Seattle Sounders FC 3-0 UNAM
  Seattle Sounders FC: Ruidíaz 45', 80', Lodeiro 88'

| GK | 24 | USA Stefan Frei | | |
| RB | 16 | SLV Alex Roldán | | |
| CB | 28 | COL Yeimar Gómez Andrade | | |
| CB | 3 | ECU Xavier Arreaga | | |
| LB | 5 | CMR Nouhou Tolo | | |
| RM | 7 | USA Cristian Roldan | | |
| CM | 6 | BRA João Paulo | | |
| LM | 13 | USA Jordan Morris | | |
| AM | 10 | URU Nicolás Lodeiro (c) | | |
| AM | 11 | SVK Albert Rusnák | | |
| CF | 9 | Raúl Ruidíaz | | |
Substitutes:
| GK | 30 | USA Stefan Cleveland | | |
| DF | 25 | USA Jackson Ragen | | |
| DF | 94 | COL Jimmy Medranda | | |
| MF | 22 | USA Kelyn Rowe | | |
| MF | 73 | USA Obed Vargas | | |
| FW | 12 | COL Fredy Montero | | |
| FW | 17 | USA Will Bruin | | |
Manager:
USA Brian Schmetzer
| GK | 1 | MEX Alfredo Talavera (c) |
| RB | 47 | MEX Ricardo Galindo | |
| CB | 25 | MEX Arturo Ortiz |
| CB | 23 | ARG Nicolás Freire |
| LB | 18 | MEX Efraín Velarde |
| RM | 10 | ARG Favio Álvarez |
| CM | 17 | MEX Leonel López | | |
| CM | 8 | BRA Higor Meritão |
| LM | 33 | BRA Diogo |
| CF | 31 | ECU Washington Corozo | | |
| CF | 9 | ARG Juan Dinenno |
Substitutes:
| GK | 20 | MEX Julio González |
| DF | 26 | MEX Jesús Rivas |
| DF | 36 | COL José Caicedo |
| MF | 19 | MEX Omar Islas |
| MF | 32 | USA Jorge Ruvalcaba | | |
| MF | 34 | MEX Santiago Trigos |
| FW | 21 | BRA Rogério | | |
Manager:
ARG Andrés Lillini
| Assistant referees:
Walter López (Honduras)
Raymundo Feliz (Dominican Republic)
Fourth official:
José Torres (Puerto Rico)
Video assistant referee:
Ricardo Montero (Costa Rica)
Assistant video assistant referees:
Selvin Brown (Honduras) | Match rules: *90 minutes. *30 minutes of extra time if tied on aggregate (away goals rule not applied). *Penalty shoot-out if still tied on aggregate after extra time. *Seven named substitutes of which up to five may be used, with a sixth allowed in extra time. |

==Post-match==

Seattle Sounders FC became the first non-Mexican club to win the CONCACAF Champions League and the third MLS team to win a continental championship, following D.C. United in 1998 and the LA Galaxy in 2000—both under the former Champions' Cup format.

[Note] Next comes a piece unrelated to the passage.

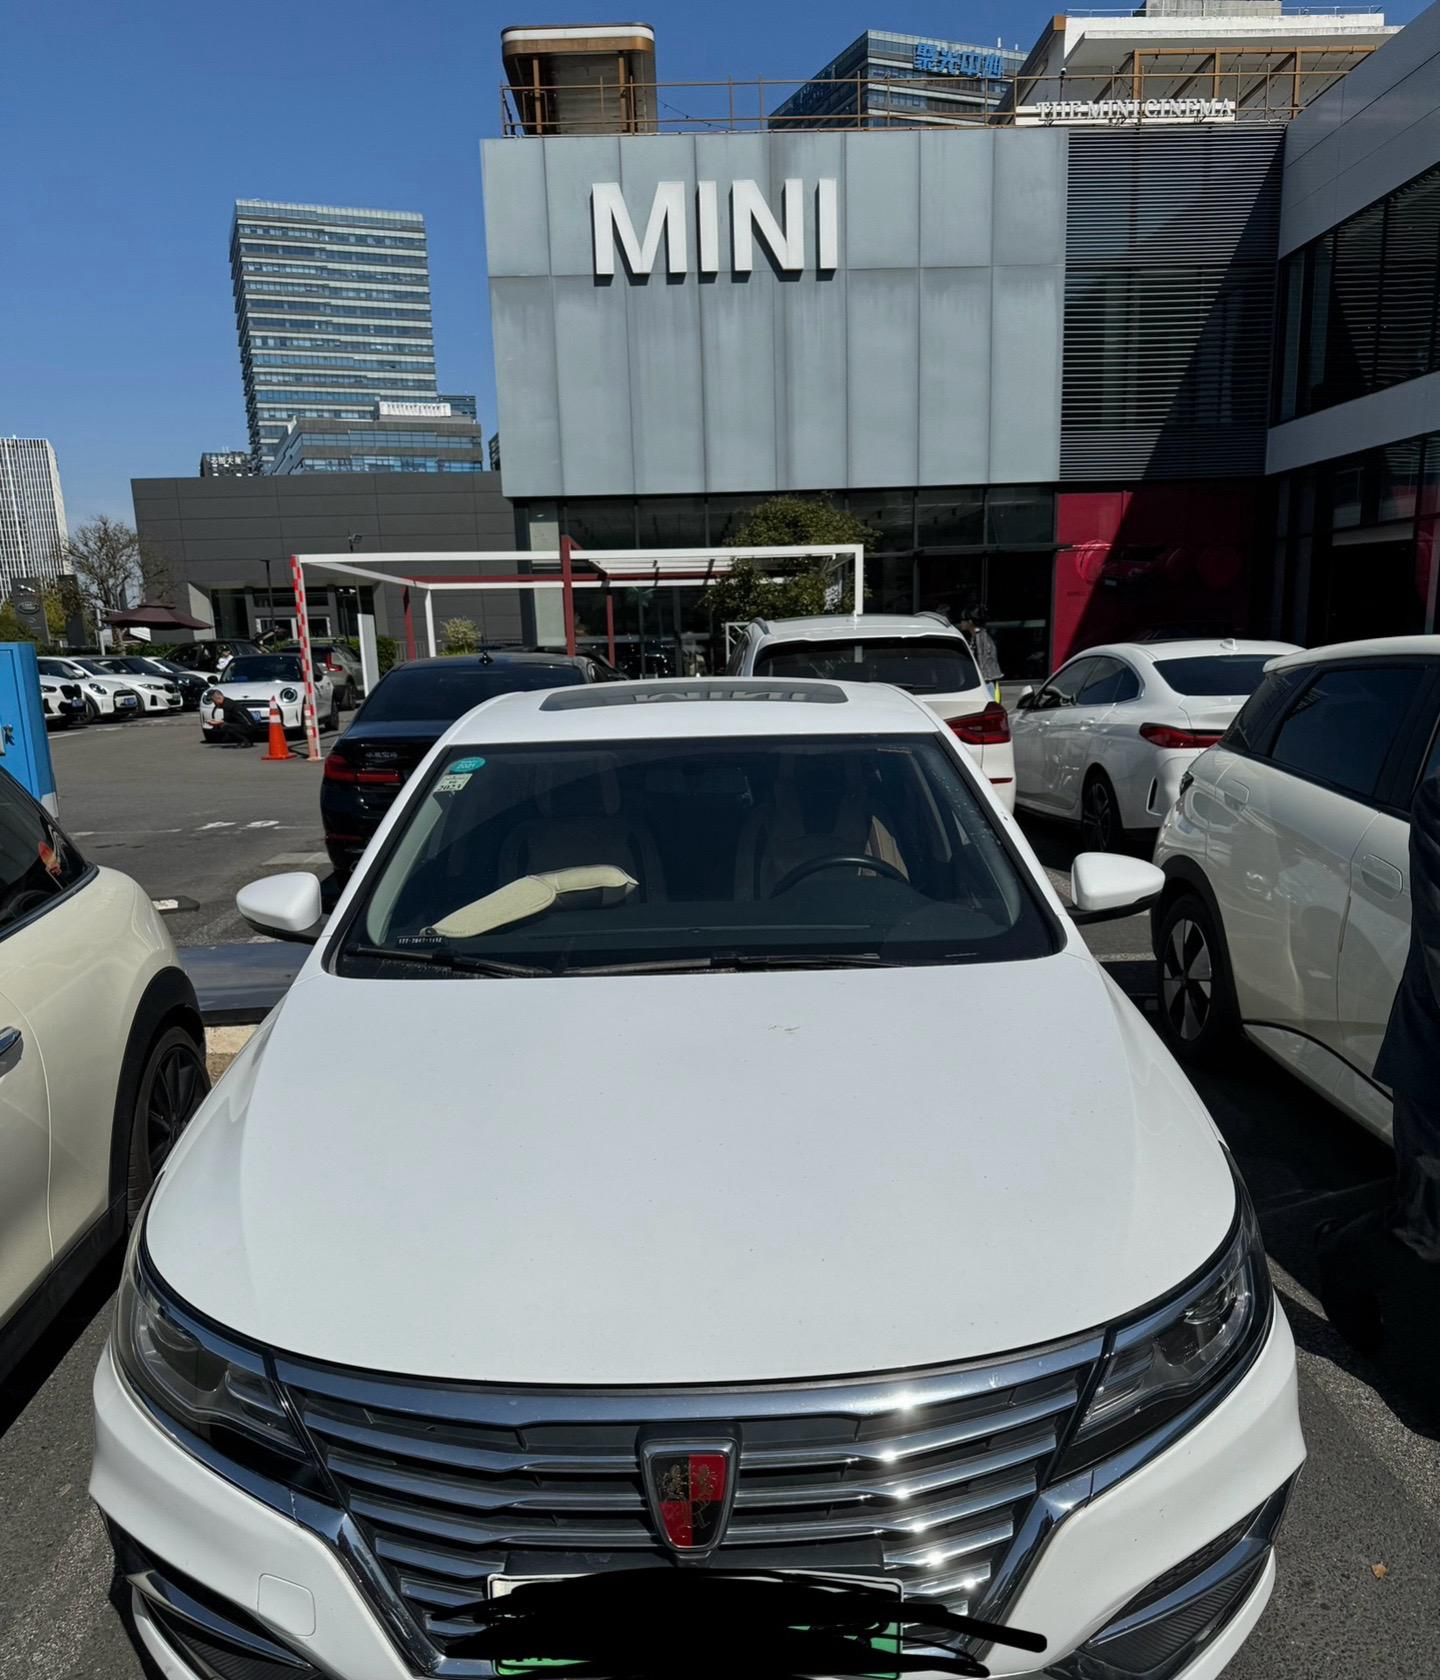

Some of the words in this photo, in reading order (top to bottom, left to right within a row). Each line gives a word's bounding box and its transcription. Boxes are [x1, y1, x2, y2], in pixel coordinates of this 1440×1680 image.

[1037, 101, 1082, 119] THE
[1087, 99, 1141, 118] MINI
[1145, 97, 1234, 117] CINEMA
[592, 178, 838, 275] MINI

As champions, the club also collected $500,000 in prize money and qualified for the FIFA Club World Cup, which was held in Morocco in February 2023. The Sounders also qualified for the expanded Club World Cup in 2025, which will include the winners of the previous four editions of the CONCACAF Champions League. Seattle finished their 2022 Champions League campaign undefeated with four wins and four draws, and remained undefeated in competitive matches in front of crowds larger than 60,000.

Seven Sounders players were named to the tournament's Best XI, while Stefan Frei earned the Best Goalkeeper and Best Player awards. 16-year-old Obed Vargas became the youngest player to play in a CONCACAF Champions League Final when he entered the match as a substitute.

Following the match, CONCACAF was criticized for the attempted removal of an Emerald City Supporters banner in support of transgender youth. Sounders officials mediated the dispute and allowed the banner to be kept.